■ **PROMPT**: Wherever pictures occur in the entries below, leave them out and retype the rest exactly.

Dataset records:
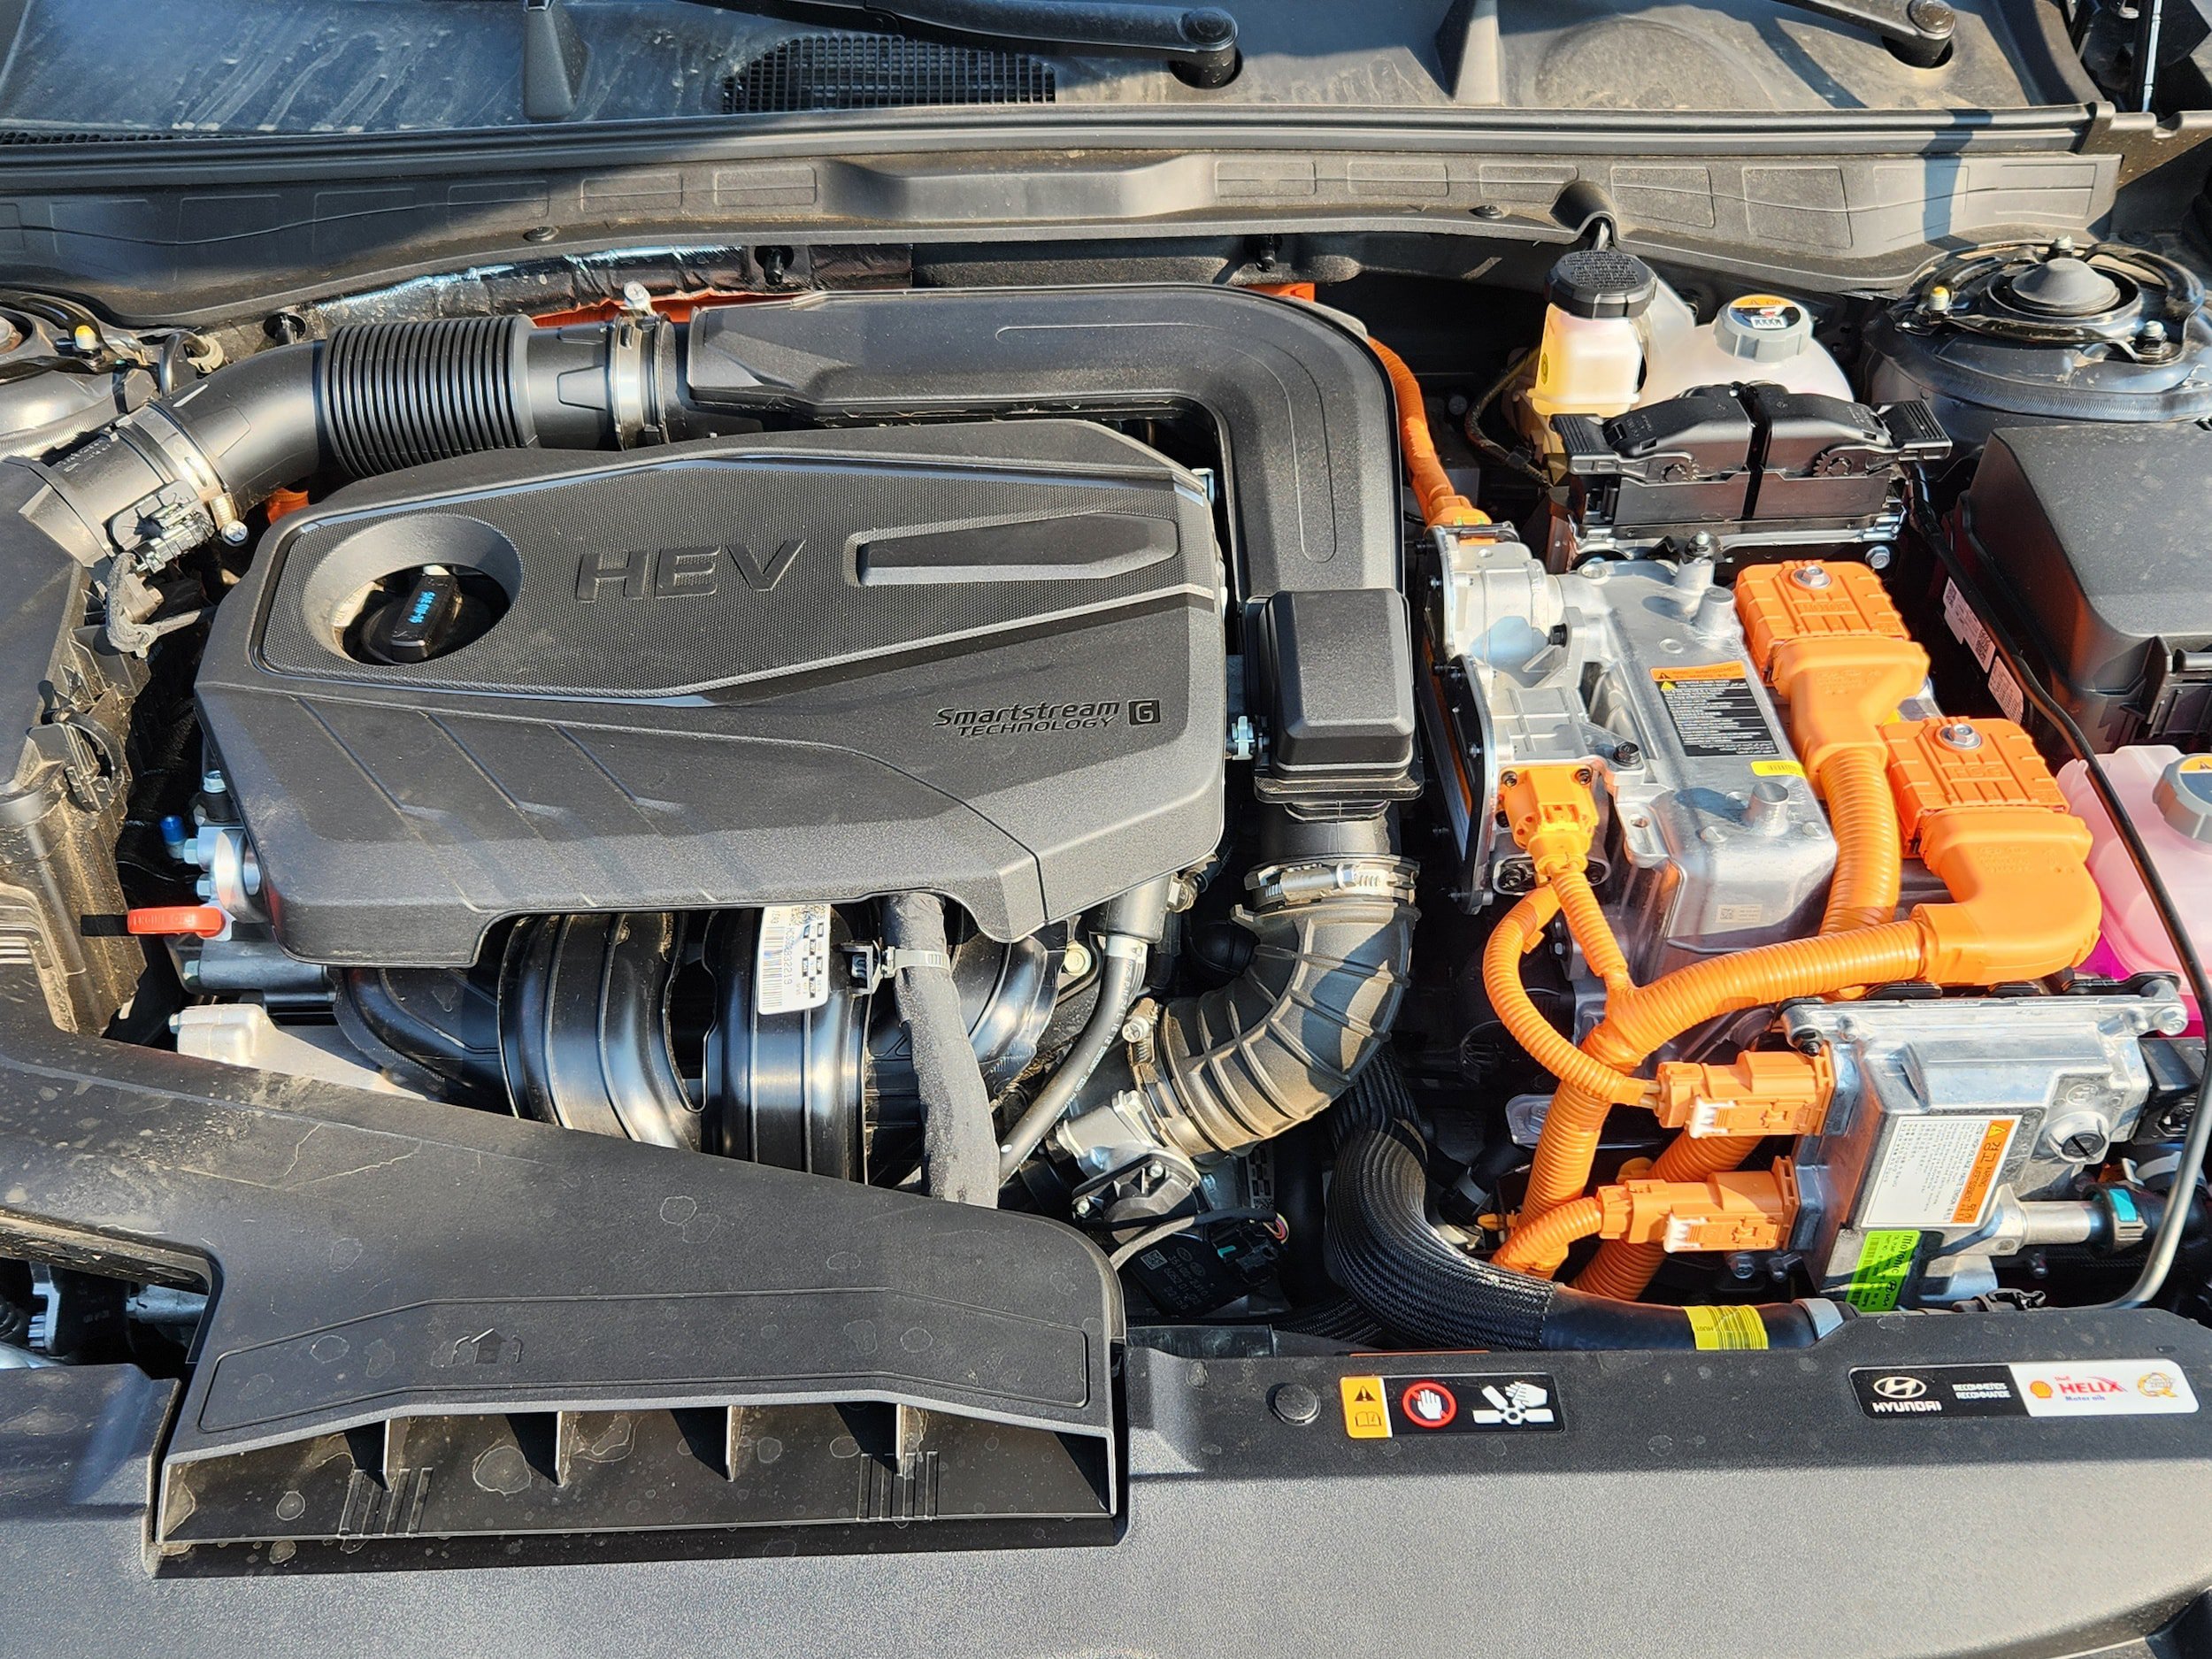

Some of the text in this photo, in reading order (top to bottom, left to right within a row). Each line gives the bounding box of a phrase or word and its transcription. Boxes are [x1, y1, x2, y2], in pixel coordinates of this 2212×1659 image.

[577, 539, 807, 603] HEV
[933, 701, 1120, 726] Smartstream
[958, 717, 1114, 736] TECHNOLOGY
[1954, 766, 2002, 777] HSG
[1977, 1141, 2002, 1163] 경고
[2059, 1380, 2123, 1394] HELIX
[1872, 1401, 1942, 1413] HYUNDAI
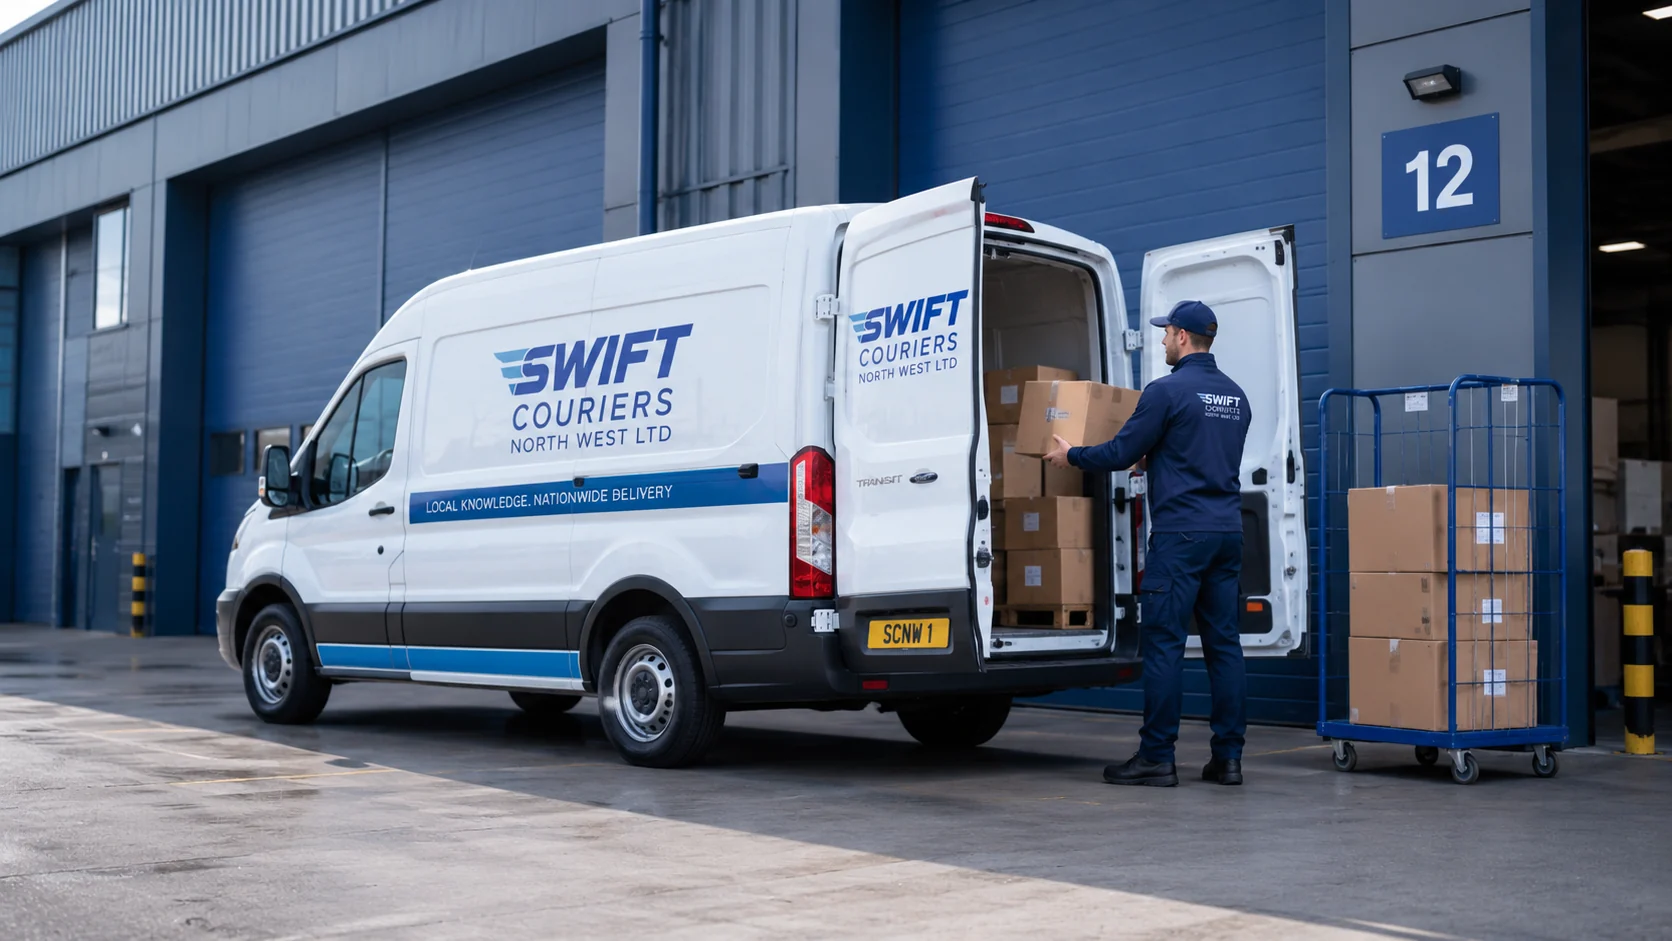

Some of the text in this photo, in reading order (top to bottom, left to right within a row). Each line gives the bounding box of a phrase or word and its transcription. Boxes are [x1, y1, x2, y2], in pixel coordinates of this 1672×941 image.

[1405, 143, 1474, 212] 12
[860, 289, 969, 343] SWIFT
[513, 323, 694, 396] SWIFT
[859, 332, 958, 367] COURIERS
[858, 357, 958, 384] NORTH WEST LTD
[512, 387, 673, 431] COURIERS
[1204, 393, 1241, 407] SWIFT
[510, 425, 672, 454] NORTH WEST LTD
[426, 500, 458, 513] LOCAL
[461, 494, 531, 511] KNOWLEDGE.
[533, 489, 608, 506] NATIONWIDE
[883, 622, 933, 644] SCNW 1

■ **SOLVED EXERCISE**:
Some of the text in this photo, in reading order (top to bottom, left to right within a row). Each line gives the bounding box of a phrase or word and its transcription. Boxes are [x1, y1, x2, y2], in pixel coordinates of this 2212×1659 image.

[577, 539, 807, 603] HEV
[933, 701, 1120, 726] Smartstream
[958, 717, 1114, 736] TECHNOLOGY
[1954, 766, 2002, 777] HSG
[1977, 1141, 2002, 1163] 경고
[2059, 1380, 2123, 1394] HELIX
[1872, 1401, 1942, 1413] HYUNDAI

Some of the text in this photo, in reading order (top to bottom, left to right within a row). Each line gives the bounding box of a phrase or word and its transcription. Boxes are [x1, y1, x2, y2], in pixel coordinates of this 1672×941 image.

[1405, 143, 1474, 212] 12
[860, 289, 969, 343] SWIFT
[513, 323, 694, 396] SWIFT
[859, 332, 958, 367] COURIERS
[858, 357, 958, 384] NORTH WEST LTD
[512, 387, 673, 431] COURIERS
[1204, 393, 1241, 407] SWIFT
[510, 425, 672, 454] NORTH WEST LTD
[426, 500, 458, 513] LOCAL
[461, 494, 531, 511] KNOWLEDGE.
[533, 489, 608, 506] NATIONWIDE
[883, 622, 933, 644] SCNW 1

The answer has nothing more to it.